Content starts

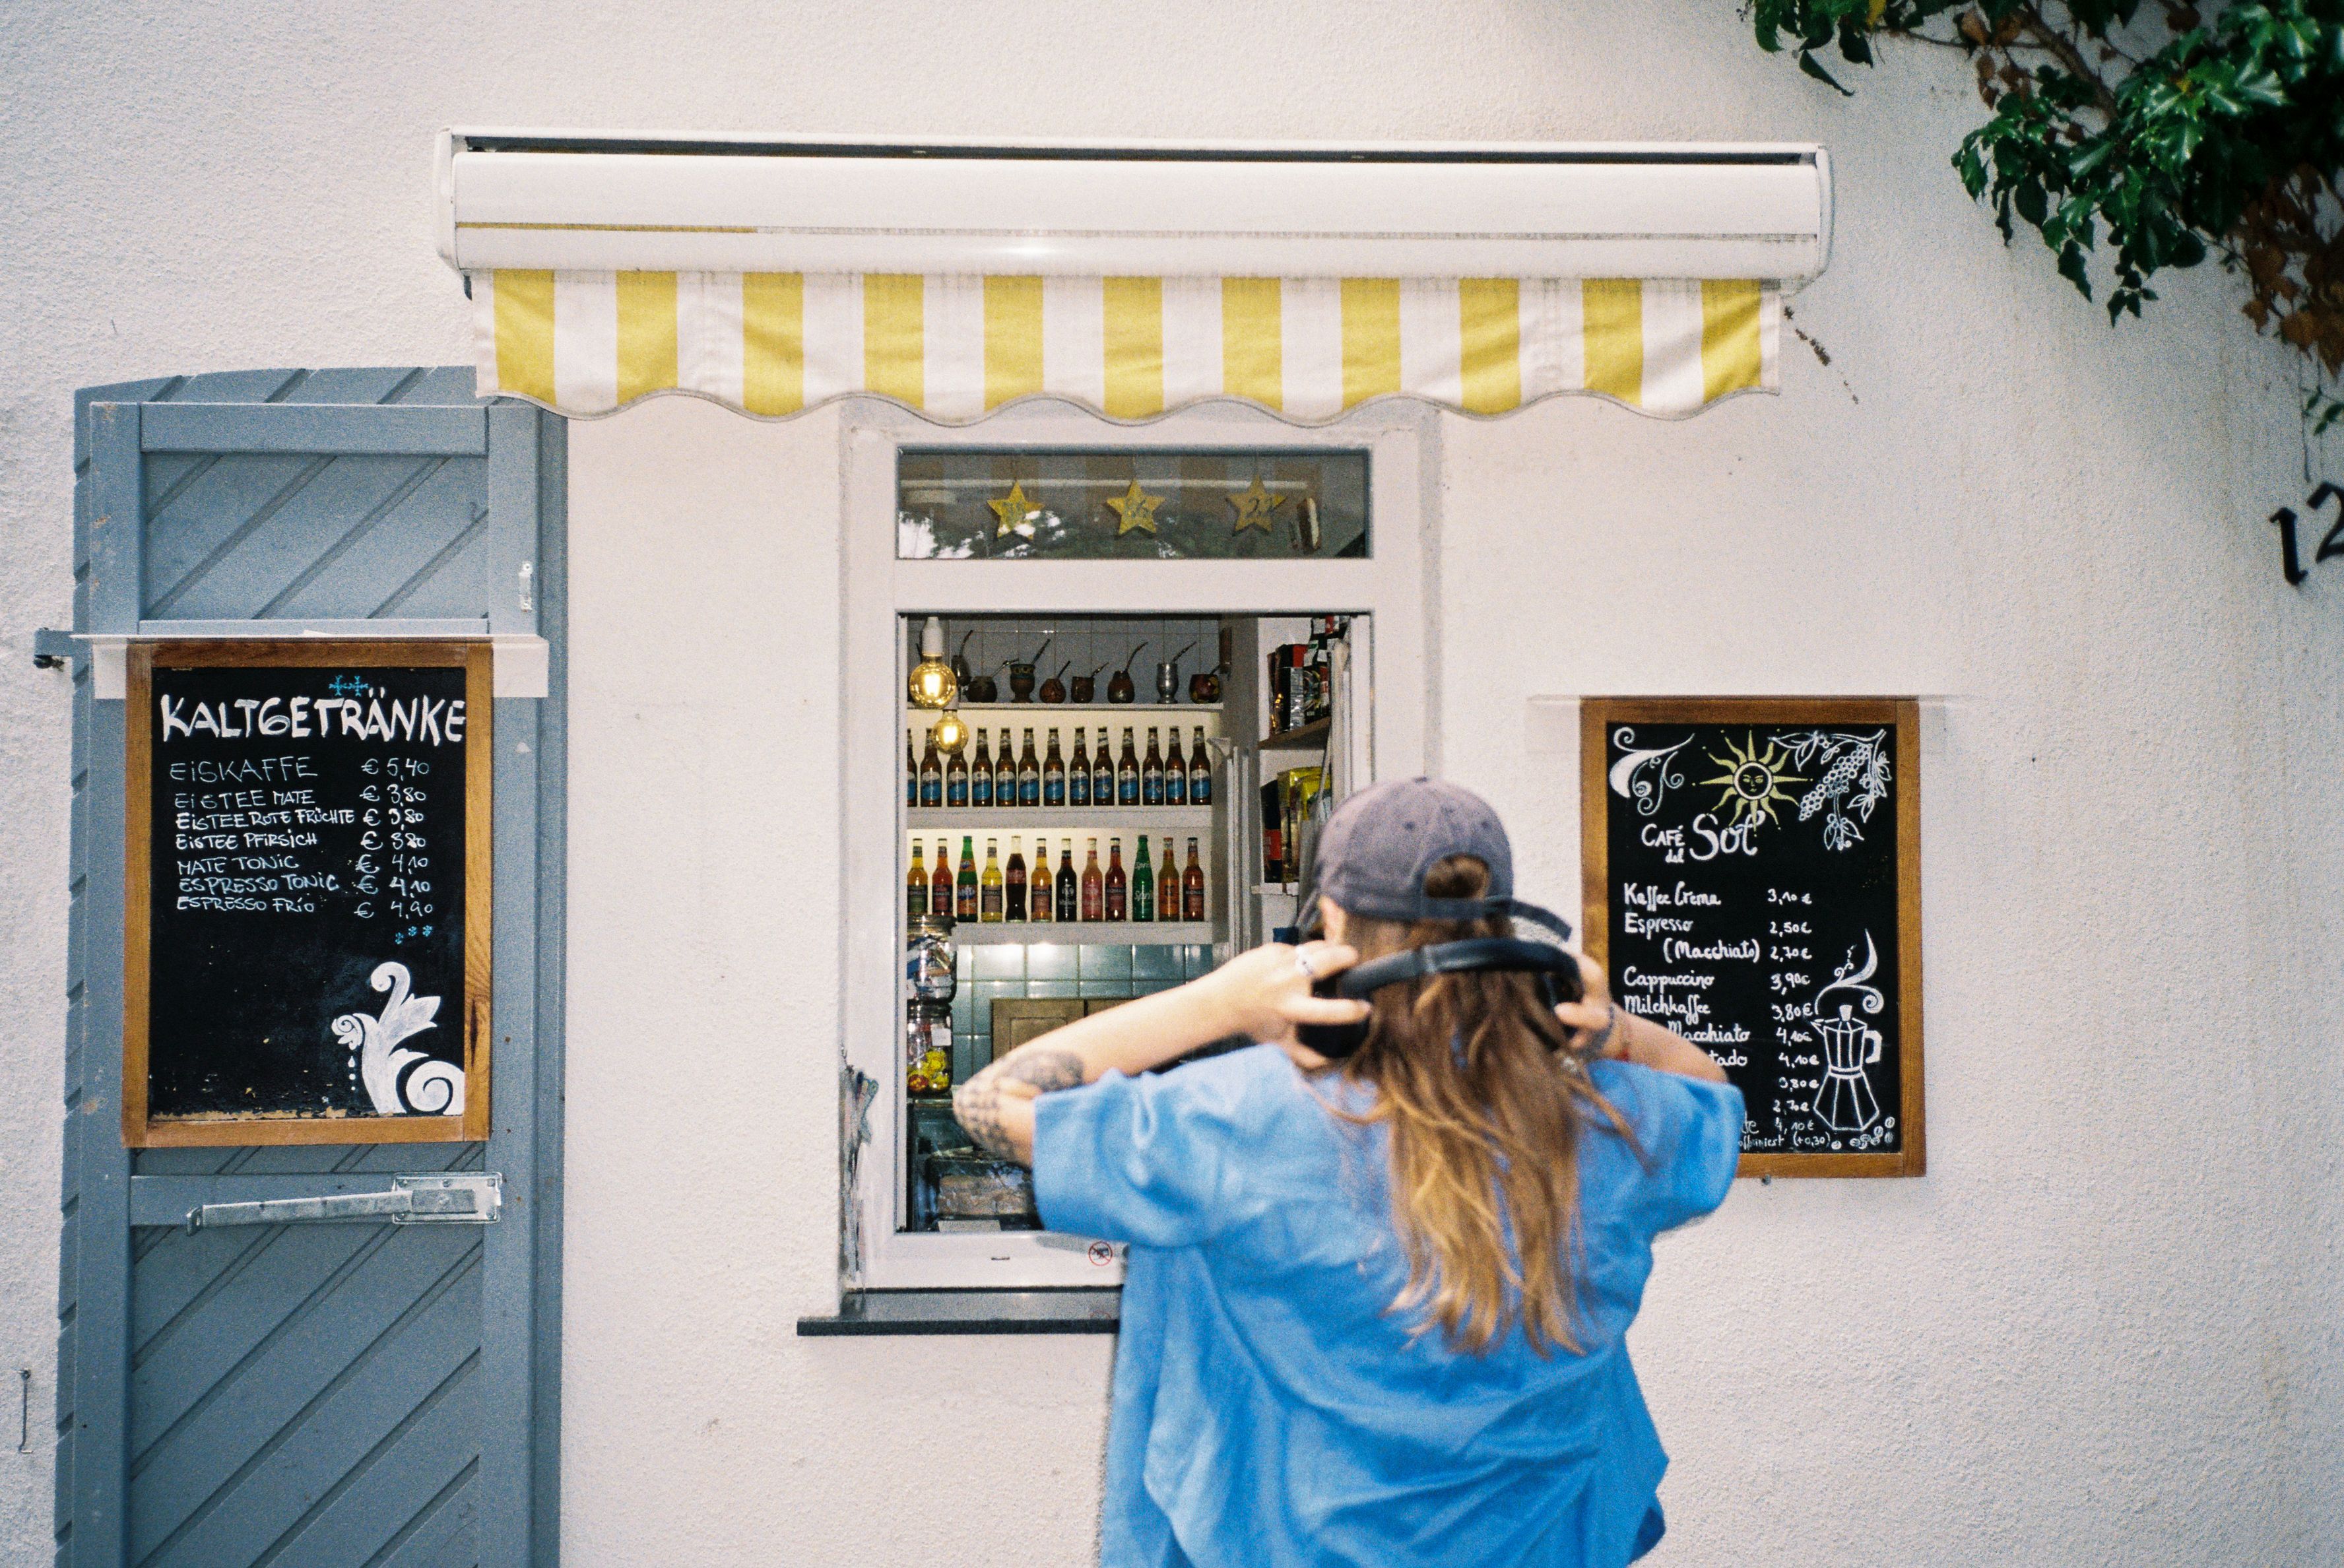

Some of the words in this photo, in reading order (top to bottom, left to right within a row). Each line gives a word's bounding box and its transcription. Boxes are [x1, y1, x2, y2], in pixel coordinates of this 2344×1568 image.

[160, 686, 466, 746] KALTGETRÄNKE
[362, 759, 378, 774] €
[387, 758, 428, 781] 5,40
[273, 790, 315, 805] MATE
[360, 785, 379, 801] €
[387, 784, 426, 806] 3,80
[363, 808, 380, 826] €
[360, 831, 383, 850] €
[178, 857, 226, 875] MATE
[356, 854, 379, 873] €
[392, 854, 428, 874] 4,10
[179, 877, 277, 895] ESPRESSO
[356, 875, 377, 894] €
[389, 876, 430, 898] 4,10
[1624, 883, 1671, 911] Kaffee
[1675, 881, 1721, 905] Crema
[1768, 888, 1797, 905] 3,10
[177, 896, 267, 911] ESPRESSO
[354, 902, 374, 918] €
[1625, 912, 1693, 941] Espresso
[1663, 938, 1760, 963] (Macchiato)
[1624, 966, 1714, 995] Cappuccino
[1623, 994, 1711, 1026] Milchkaffee
[1708, 1048, 1748, 1067] tado

Content ends

Restate the records above word for word. Skip every picture.

§ **Written answer**:
Some of the words in this photo, in reading order (top to bottom, left to right within a row). Each line gives a word's bounding box and its transcription. Boxes are [x1, y1, x2, y2], in pixel coordinates of this 2344×1568 image.

[160, 686, 466, 746] KALTGETRÄNKE
[362, 759, 378, 774] €
[387, 758, 428, 781] 5,40
[273, 790, 315, 805] MATE
[360, 785, 379, 801] €
[387, 784, 426, 806] 3,80
[363, 808, 380, 826] €
[360, 831, 383, 850] €
[178, 857, 226, 875] MATE
[356, 854, 379, 873] €
[392, 854, 428, 874] 4,10
[179, 877, 277, 895] ESPRESSO
[356, 875, 377, 894] €
[389, 876, 430, 898] 4,10
[1624, 883, 1671, 911] Kaffee
[1675, 881, 1721, 905] Crema
[1768, 888, 1797, 905] 3,10
[177, 896, 267, 911] ESPRESSO
[354, 902, 374, 918] €
[1625, 912, 1693, 941] Espresso
[1663, 938, 1760, 963] (Macchiato)
[1624, 966, 1714, 995] Cappuccino
[1623, 994, 1711, 1026] Milchkaffee
[1708, 1048, 1748, 1067] tado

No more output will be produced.